Por qué una sonrisa basta para detener el mundo
A menudo enfrentamos en la vida situaciones que nos ponen a prueba. Es cuando una mirada interior ilumina los rincones más oscuros de nuestro ser. Lo hace, aunque no siempre logramos aprovechar lo que se nos muestra.
Y hasta a veces una sonrisa traída, incluso desde el absurdo, cambia nuestra manera de ver las cosas.
Una ofensa nos descompensa, una amenaza nos pone en guardia; pero una sonrisa nos llena de fuerzas, nos recompensa y hasta podría decirse que hace algo que realmente no alcanzamos a ver con propiedad.
Seriedad, responsabilidad, dignidad, decencia, son palabras que invocan estados de la mente en que nuestra mirada -interior y exterior- se torna algo nublada; es esa entidad, real o imaginada, que asume el protagonismo: el ego.
Si bien un ceño fruncido invita a la reflexión, una sonrisa, suave y serena, abarca ese acto meditativo y nos lleva a una playa donde el sol es nuestro amigo.
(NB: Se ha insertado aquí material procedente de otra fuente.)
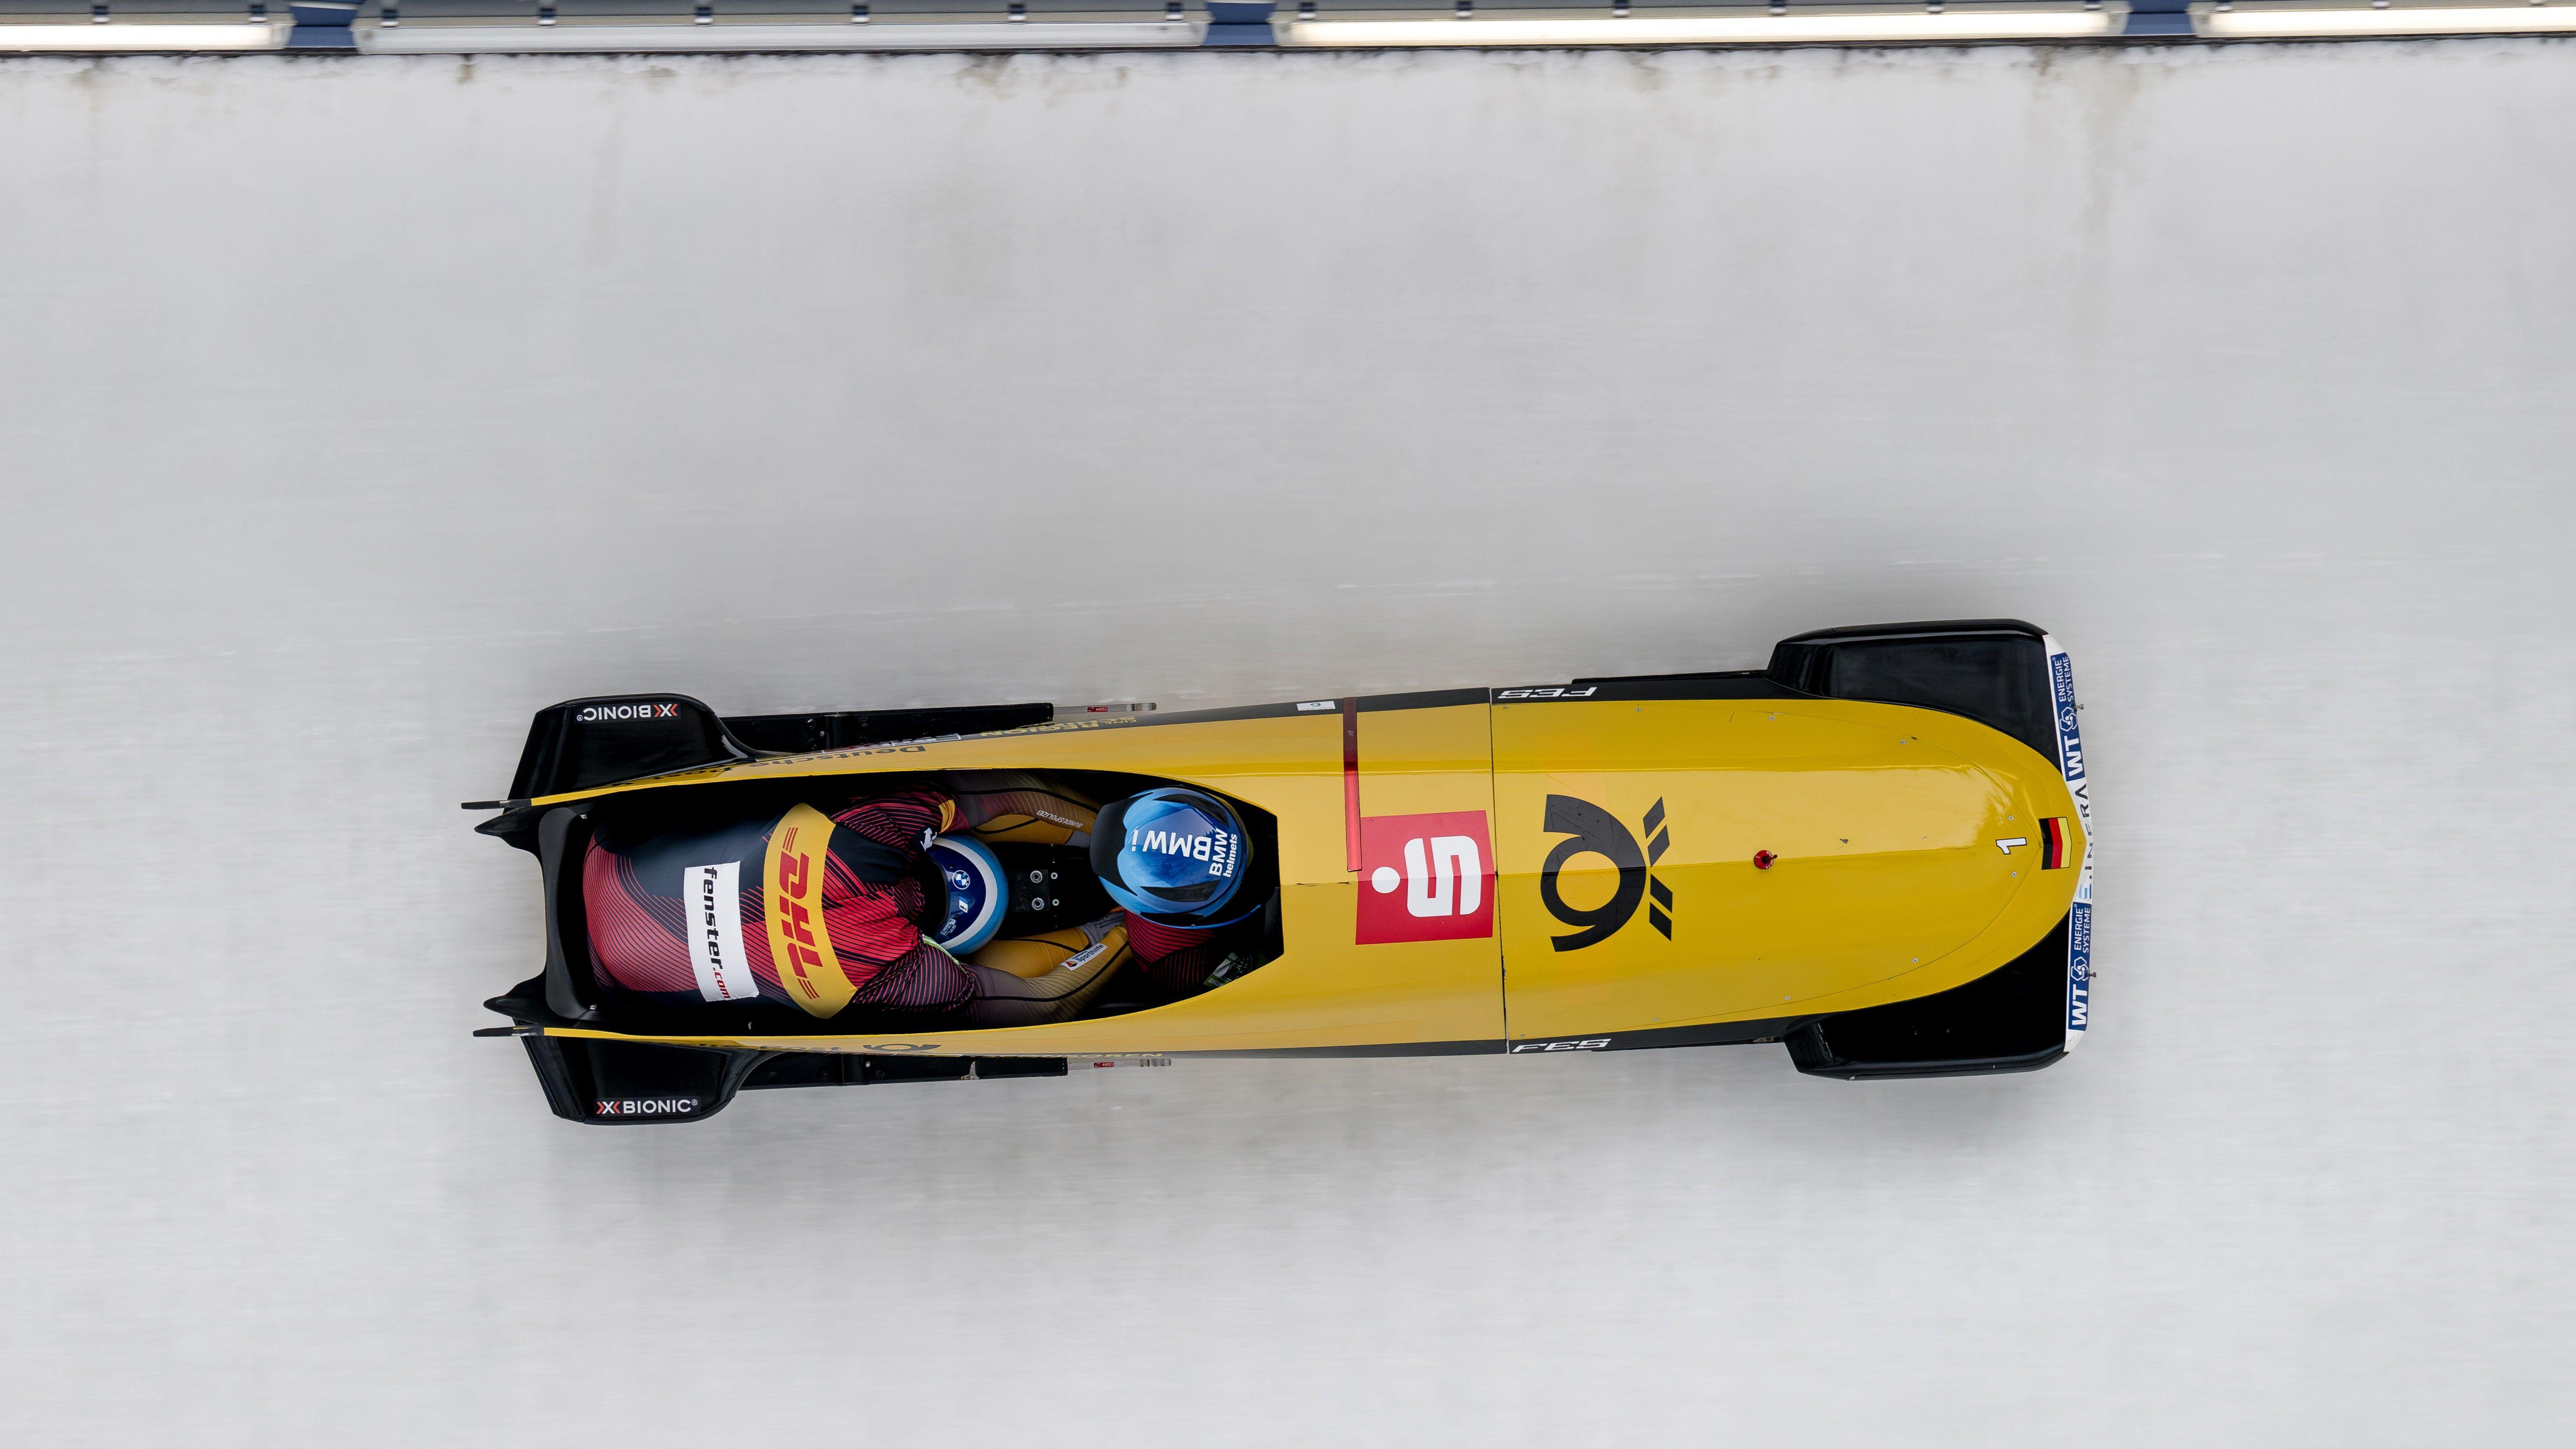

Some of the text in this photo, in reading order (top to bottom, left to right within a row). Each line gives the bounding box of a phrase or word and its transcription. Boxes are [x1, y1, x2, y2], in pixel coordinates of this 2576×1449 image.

[1498, 687, 1597, 698] FES
[2054, 659, 2067, 703] ENERGIE
[2062, 656, 2075, 702] SYSTEME
[749, 745, 927, 767] Deutsche
[2064, 735, 2083, 777] WT
[1142, 830, 1211, 861] BMW
[1209, 828, 1228, 876] BMW
[1223, 833, 1237, 878] helmets
[1996, 837, 2027, 854] 1
[704, 867, 731, 999] fenster.com
[779, 850, 823, 979] DHL
[2074, 907, 2083, 951] ENERGIE
[2083, 907, 2091, 953] SYSTEME
[2072, 984, 2087, 1026] WT
[1512, 1038, 1611, 1052] FES
Cuando reclamamos algo, bien sea reconocimiento e incluso respeto, puede que estemos haciendo lo necesario, pero no estamos siendo amigos del sol, estamos lidiando con una angustia interior que mucho nos hace perder. El respeto solicitado, exigido es una migaja de respeto, es un espectro, una copia.
Y no es que en momentos sea importante hacer un reclamo. Pero en ese caso deberíamos tener en cuenta que lo que recibimos es solo una imagen.
Este es un mundo de imágenes y el sol las ilumina todas. Nos toca a nosotros discernir. Y la sonrisa, que es el gesto más noble capaz de detener la gran rueda, es la mejor manera de hacerlo.
Cierta vez un hombre entregó lo poco que tenía pues le había sido solicitado por alguien muy cercano a él. Entonces, sentado sobre una piedra, sonrió; se dio cuenta que nada se movía y que él estaba entre las cosas.
A menudo, el mayor temor proviene de sospechar que no estamos entre las cosas, que no pertenecemos al mundo.
Estamos en el mundo y el mundo entre nosotros: se siente en una sonrisa.